That being said, if the goal is to really divide the marital portion 50/50 and ensure that each spouse gets his or her share, then why does this become such a heated discussion between lawyers.  Other than the “just say no” mantra that I discussed above, there are so many perils and pitfalls that can come into play.  I list a few of them here just as a guide for the unwitting, the unknowing, and, of course, the lawyers in the audience.  This blog entry does not go into great detail on each of the following terms, risks and rewards, but it certainly a primer:

1.  Accrued benefit – What is the accrued benefit?  Usually the QDRO will provide a formula to determine what it is, so it is important to determine what will be considered, how long the participating spouse has been in the pension plan, when the alternate payee is eligible to receive pension payments, and so on and so forth.

2.  Loans – Are there any pension loans?  If so, how are those loans going to be divided – is the alternate payee’s (the spouse who was not in the participant in the pension plan) share going to be impacted?

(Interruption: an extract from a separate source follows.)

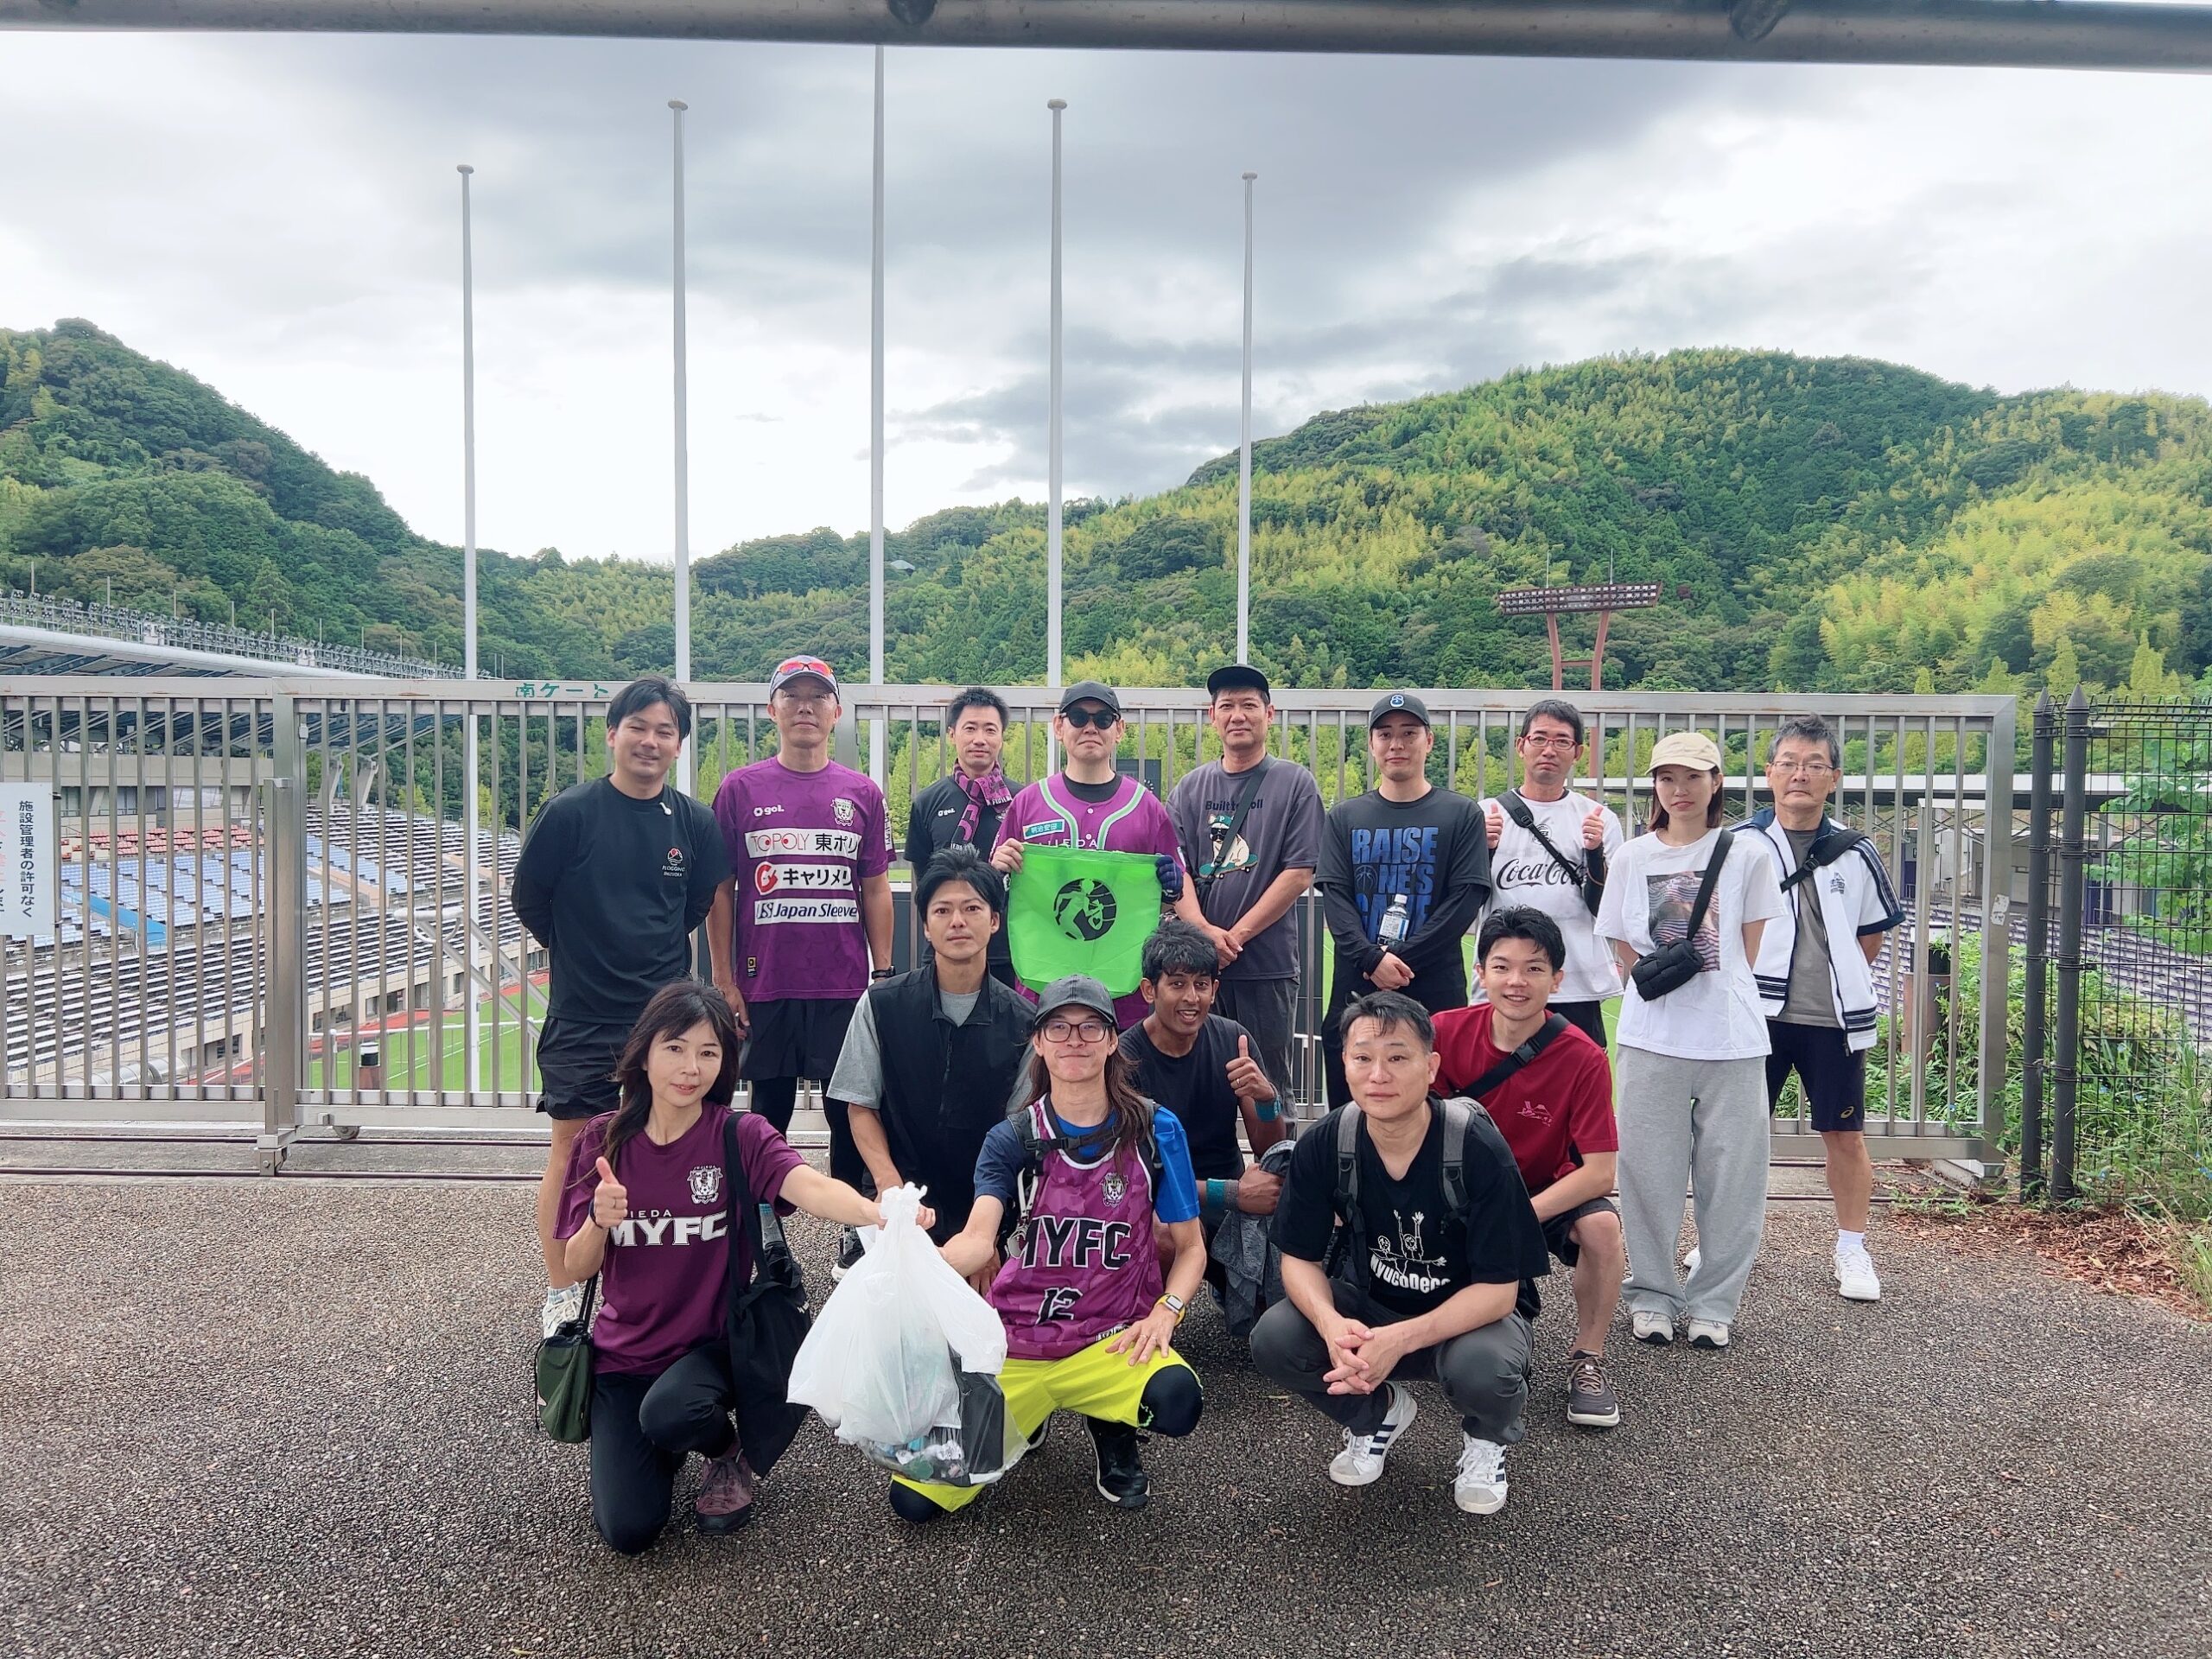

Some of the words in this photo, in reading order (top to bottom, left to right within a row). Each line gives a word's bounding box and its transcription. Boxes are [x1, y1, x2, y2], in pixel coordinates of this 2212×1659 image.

3.  Cost of Living Adjustments – Oftentimes the QDRO will provide that the alternate payee will receive a pro-rata share of any cost of living adjustments or other economic improvements made to the participant’s benefits.

4.  Commencement date of the benefits to the alternate payee – Certain limitations on the alternate payee spouse’s ability to receive payments may impact upon her overall benefit.  For instance, is the alternate payee limited to receiving benefits only when the participating spouse hits retirement age, or is there more flexibility afforded under the plan and the QDRO.

5.  Early retirement subsidies, interim supplements, temporary benefits – I often hear other lawyers take the position that this is a negotiable issue.  Ultimately, however, if the alternate payee is not entitled to this form of benefit, her payments could very well be negatively impacted should the other spouse retire early.  In other words, the alternate payee would not be receiving the full benefit of the bargain contained in the settlement agreement within the inclusion of this form of payment.

6.  Survivorship rights – Language regarding survivorship rights is perhaps the most important part of the QDRO.  What happens to the alternate payee’s benefit if the participant dies before he retires?  What about after he retires?  Are the alternate payee’s rights to the pension secured, or is all lost once the participant dies?  Oftentimes there is also a cost associated with ensuring survivorship payments in the form of an annuity.  Who is paying?  How much?

7.  Death of the alternate payee – What happens if the alternate payee dies after he or she starts receiving payments?  Does the benefit revert back to the participating spouse?  Does it go to the alternate payee’s beneficiary?

These are just a few points to consider, and I cannot tell you how many times they come up in negotiation.  Ultimately the alternate payee is simply looking to protect him or herself to ensure that the benefit agreed to in the settlement agreement is actually received, rather than reduced, lost, or whatever the case may be.  In fact, considering the amount of argument that occurs between lawyers over some of these issues, it is almost as if the phrase “50/50 division of the marital portion” is nothing more than a misnomer.